融けるデザイン ハード×ソフト×ネット時代の新たな設計論


「融けるデザイン ハード×ソフト×ネット時代の新たな設計論」を読んだ。
https://goo.gl/azTPQj

昨年、「フラットデザインで考える-新しいUIデザイン 」を読んで、フラットデザインが広がっている根本には、スキューモフィズムからの脱却があるということを理解した。スキューモフィズムとは、現実にあるもののメタファーをコンピュータに適用することで、無意識にその機能を使うことができるようにするという考え方だ。

「融けるデザイン」は、その先にあるものは何か、ということについて突きつけめて説明されている。非常に興奮させる本でした。

フラットデザインについての考察は、去年作ったスライドにまとめているのでよろしければ。
*UXとフラットデザイン
http://www.slideshare.net/ntaiji20/ux-49363387

以下、メモ。

■モノの本質は「動き」と「境界」にある
物質的なものとデジタルを分ける必然性がなくなった、と筆者は主張する。それでは、モノの本質とは何なのか?

生物学者ギブソンの生態心理学によれば、人間はモノを認識するとき、周囲の環境情報を利用しているという。
Moving roomという有名な実験がある。
壁と床が切り離された環境があり、周囲の壁が数ミリ浮いた状態になっていて、壁が前後に動くように作られた部屋で、実験参加者はその部屋に入り、ただ直立してもらう。
この状態で、壁を前後に動かすと、参加者は意識しないが壁の動かしと体が同調して動いてしまう。
無意識のうちに周囲の情報をかぎ取って行動している、ということを証明している。

モノそのものよりも、動きが重要なのだ。動くことで見え方は変化するが、その変化の中で変化しない性質が知覚される。物は境界からなりたっていて、境界は動きの中で現れるということを筆者は、textureworldという実験動画で表現している。
https://www.youtube.com/watch?v=drW9p0lz20Q
確かに、境界線があるからモノが浮き上がるのではなく、動いているから輪郭が浮き上がってくることがわかる。

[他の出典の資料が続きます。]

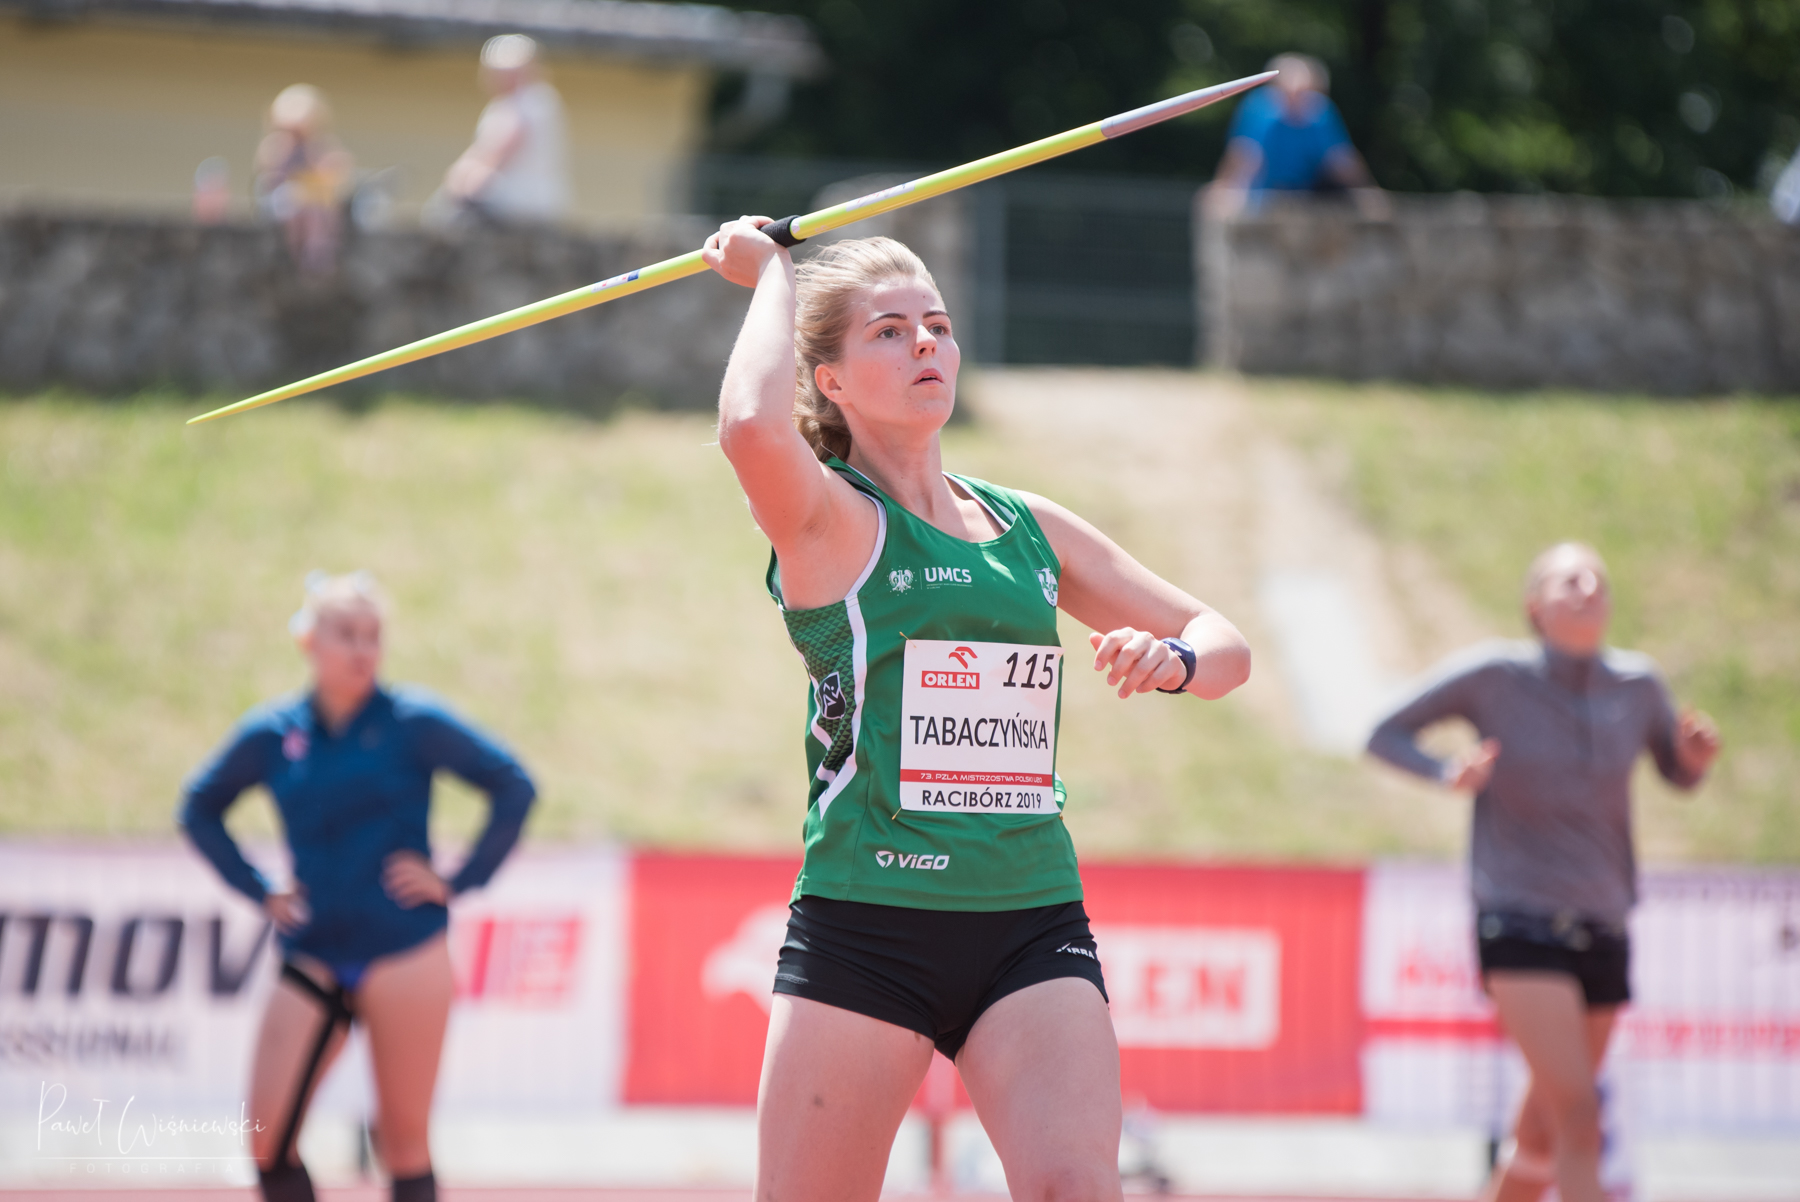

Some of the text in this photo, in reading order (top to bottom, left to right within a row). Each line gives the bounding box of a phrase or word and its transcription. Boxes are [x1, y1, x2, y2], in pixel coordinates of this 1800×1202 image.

つまり、モノは動きの中で認識されており、時間軸があって初めて存在している。したがって、モノを設計する場合、持続の中の調整、すなわちインタラクションと捉えることが大事である。
(この辺はちゃんと腹落ちしていないです)

■身体性
身体性には、生物としての身体と知覚原理としての身体がある。道具を考える上では知覚原理が重要となる。
この身体はまさに自分のものであるという、自己帰属感とこの身体の運動を引き起こしたのはまさに自分自身であるという運動主体感を持つとき身体として知覚される。運動主体感覚は生物としての身体に限定されない。道具に運動主体感を持たせることができれば、筆者の目指す「融けるデザイン」になる。

■知性が宿るのは環境とのインタラクションにある
入来篤史氏の道具をサルに使わせた実験によれば、大きな脳を持った人間が新しい生活方法を見出したというよりは、むしろ道具の使用、地上生活、狩猟生活が人間の脳を大きくさせた。

■インターフェース
・モノの本質は、周囲との境界、インターフェースにある。
・身体性を考えるとき知覚される身体とモノの境界、インターフェース。
・身体全体が環境とのインターフェースである。

■経験
経験は、環境とのインタラクションであり、インターフェースを通して行われている。

「いいデザインは形でしょうか。いい時間だと思いませんか?」(シャープの液晶テレビのCM)
設計するのは「よい時間」=経験
経験価値によって重要なのは、新しい体験の提案ではなく、知っていたことを気づかせること。(深澤直人)

■インターフェースの進化
1.道具のインターフェース
2.機械のインターフェース
3.コンピュータのインターフェース
4.インターネットのインターフェース

スキューモフィズムはコンピュータの時代のインターフェースで役立つ考え方だった。もっというと、機械からインターネットのインターフェースの移行期だったともいえるかもしれない。

*インターネットは世界に一つしかない。だから、「the internet」
*今までは1つのモノとのシングルインタラクションを考えればよかった。複数のインターフェースとやり取りする、バイラルインタラクションへ。
*メタメディア。特定のメディアに対するデザインから、複数のメディアでのインタラクションデザインへ。
*経験価値の設計の上で、人間の行動がボトルネックになりやすい。
*テクノロジーができるから、人間がやるという発想の転換が必要
*あなたのサービスは生活のごく一部であり、競合する時間消費の方法は無数にある
*プログラミングは、メタデザイナーが自らがデザインしたインタラクションを表現する手段である

*使いやすい時間
時間に合わせて提供する。

■筆者が設計したプロダクト
*CastOven。オーブンで温めている時間にあったコンテンツ(YouTube)を提供する。

*smoon。計量が不要なスプーン。レシピサイトから情報を取得して必要な分量を掬えるようにスプーン自身が変化する。